Thanks for this useful application that can help to analyze Raw data files, and gain a better understanding of what's going on under-the-hood.
If I may, there is one useful (optional) statistical metric that could be a useful addition for geeks.
When a shot is made of a featureless uniformly lit surface, the subtraction of the usually 2 Green filtered sensel responses per [R,G1,G2,B] set can provide useful info. If the subject and lighting is uniform, then the two green sensels should give the same output (except for read noise). If they don't, and it is measured over a larger area, a calibration bias may be detected (their average value is different). When their per channel standard deviation noise is subtracted in quadrature, read noise can be pretty accurately determined in a single shot. The subtraction will eliminate pattern noise because it is not random, and only shot-noise will remain. It can also detect outliers as hot or dead Green filtered sensels.

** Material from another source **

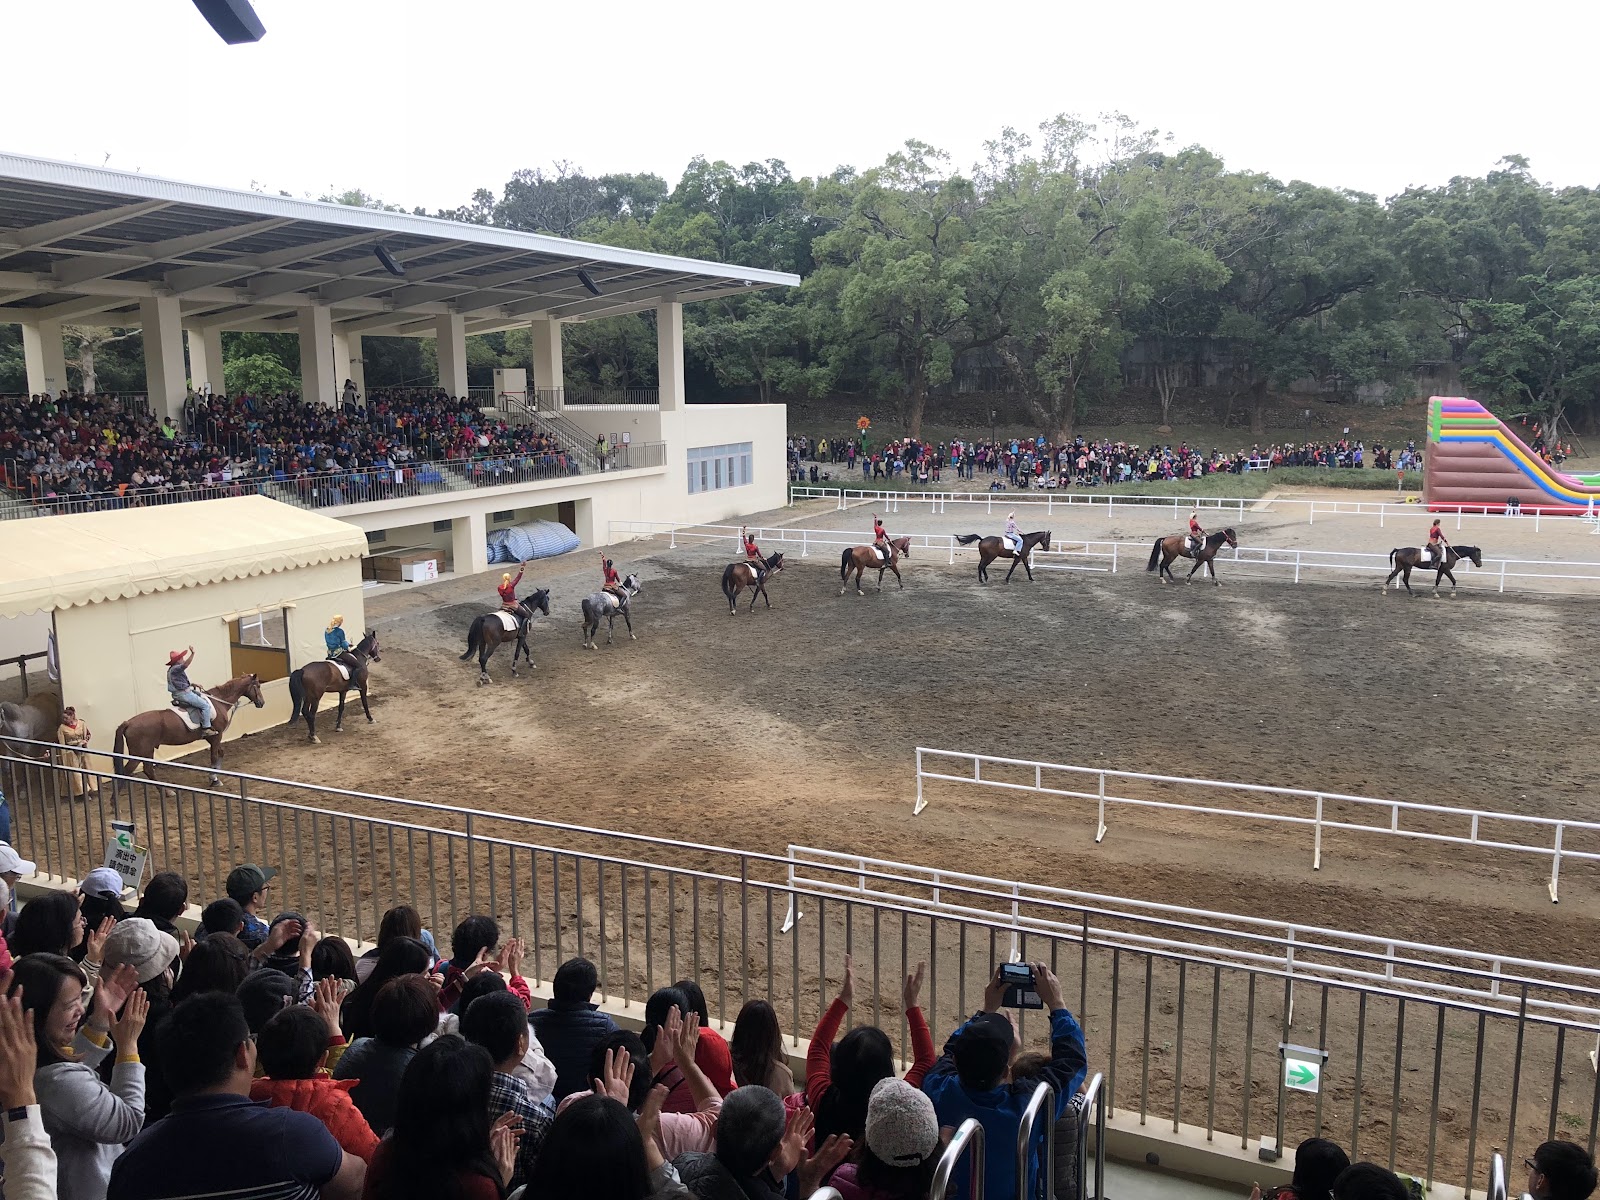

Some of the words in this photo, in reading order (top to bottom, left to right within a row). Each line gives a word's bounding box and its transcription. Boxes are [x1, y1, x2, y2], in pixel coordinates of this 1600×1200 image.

[428, 562, 434, 570] 2
[115, 849, 137, 863] 演出中

It could also be used to indirectly improve uniform lighting of a scene by minimizing the difference between the 2 green channel averages, but other channels could also be used for that.
Comparing spatial differences between sensels within a channel could also indicate a measure of focus-quality on highly detailed subjects or focus bracketing sequences.
One could also think about implementing a noise spectrum measurement, for the detection of on-sensor, or in-ADC pipeline, noise reduction.
Also estimated White-balance Raw channel multipliers would be useful.
Just some thoughts for when you run out of ideas
Thanks again for making RawDigger available.